Find the number of points with integral coordinates that are interior to the circle $x^{2}+y^{2}=16$.

Answer 1

Hint: In this question it is given that we have to find the number of points with integral coordinates that are interior to the circle $x^{2}+y^{2}=16$. So to find the solution we first consider the interior region of the circle i.e, $x^{2}+y^{2}<16$ and after that we can find the integral points (x,y) which satisfies the inequation.

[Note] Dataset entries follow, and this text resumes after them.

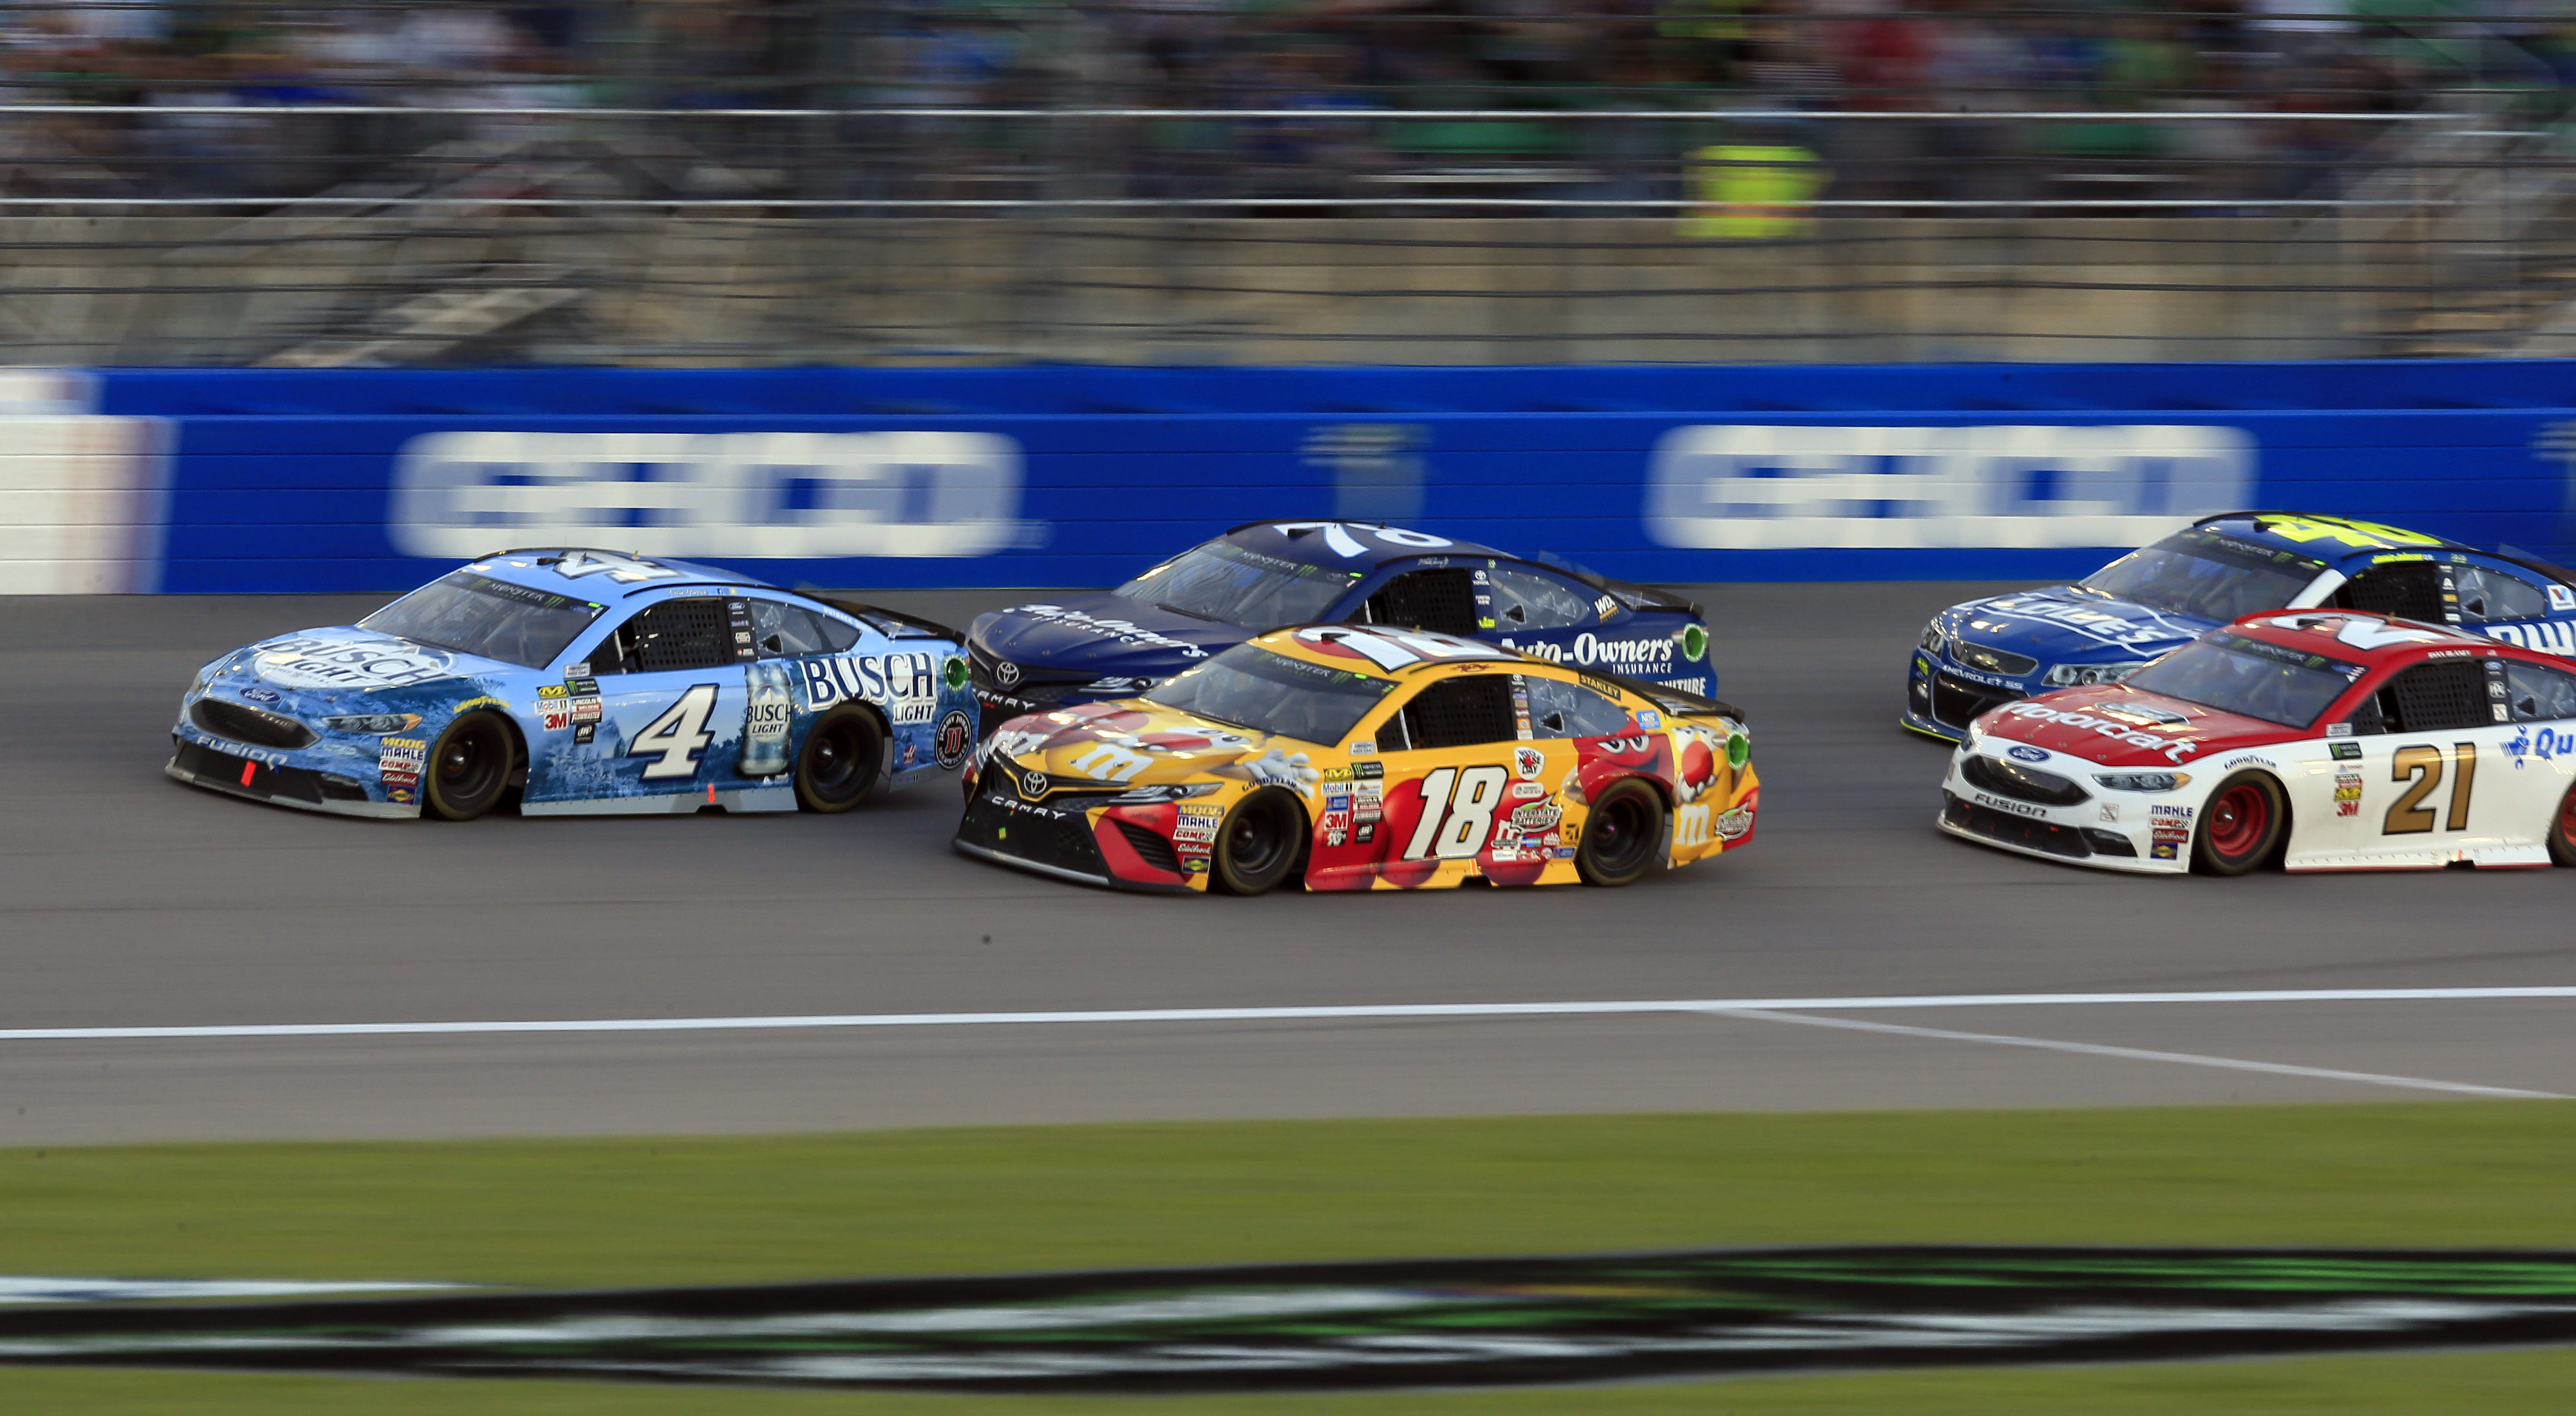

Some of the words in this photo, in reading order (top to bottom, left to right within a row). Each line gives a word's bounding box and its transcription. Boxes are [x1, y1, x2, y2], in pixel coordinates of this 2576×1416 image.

[1273, 522, 1454, 558] 78
[489, 582, 546, 601] MONSTER
[1594, 594, 1615, 614] WIX
[1272, 657, 1331, 677] MONSTER
[1613, 663, 1672, 674] INSURANCE
[1943, 664, 2002, 687] CHEVROLET
[802, 652, 935, 708] BUSCH
[1581, 674, 1619, 697] STANLEY
[244, 688, 274, 702] Ford
[545, 713, 567, 730] 3M
[747, 704, 792, 724] BUSCH
[894, 704, 933, 722] LIGHT
[629, 684, 720, 780] 4
[752, 723, 783, 733] LIGHT
[197, 736, 289, 766] FUSION
[381, 737, 426, 749] MOOG
[2536, 728, 2576, 760] Qu
[381, 747, 425, 761] MAHLE
[2013, 747, 2044, 761] Ford
[381, 760, 410, 770] COMP
[1522, 766, 1537, 774] DAY
[2224, 755, 2277, 771] GOODYEAR
[1242, 775, 1297, 791] GOODYEAR
[1323, 783, 1344, 793] Mobil
[2382, 742, 2476, 835] 21
[992, 796, 1067, 820] CAMRY
[1404, 767, 1507, 860] 18
[1514, 809, 1558, 818] INTERSTATE
[1975, 793, 2047, 818] FUSION
[2151, 804, 2193, 818] MAHLE
[1178, 816, 1217, 828] MAHLE
[1325, 813, 1347, 829] 3M
[1514, 817, 1555, 825] BATTERIES
[1675, 803, 1710, 846] m
[1178, 843, 1211, 854] Edelbrock

Complete step-by-step answer:
For integral points within the circle $x^{2}+y^{2}=16$ we must find the point which satisfies $x^{2}+y^{2}<16$.
So from here we can clearly say that the range of x and y is,
$$y\in \left[ -3,3\right] $$, $$x\in \left[ -3,3\right] $$.
This include coordinates (0,1),(0,2),(0,3) also, (1,0),(2,0),(3,0)
Along with their negatives (0,−1),(0,−2),(0,-3) and (−1,0),(−2,0),(0,-3).
We have now ,3+3+3+3=12 points.
Also, points whose sum of the square of x and y less than 16.
(1,1),(1,2),(1,3),(2,1),(2,2),(2,3),(3,1),(3,2).
Total 8 points which lie in the first quadrant.
Now including the points in all quadrants 8×4=32.
Total points 12+32=44, also including the origin (0,0)
We have 44+1= 45 points.
So we can say that the total number of integral points is 45.

Note: In this question it has been asked that you have to find only the integral points, that's why we have taken only the integer values of x and y in (x,y). Also you have to take all the points from each quadrant.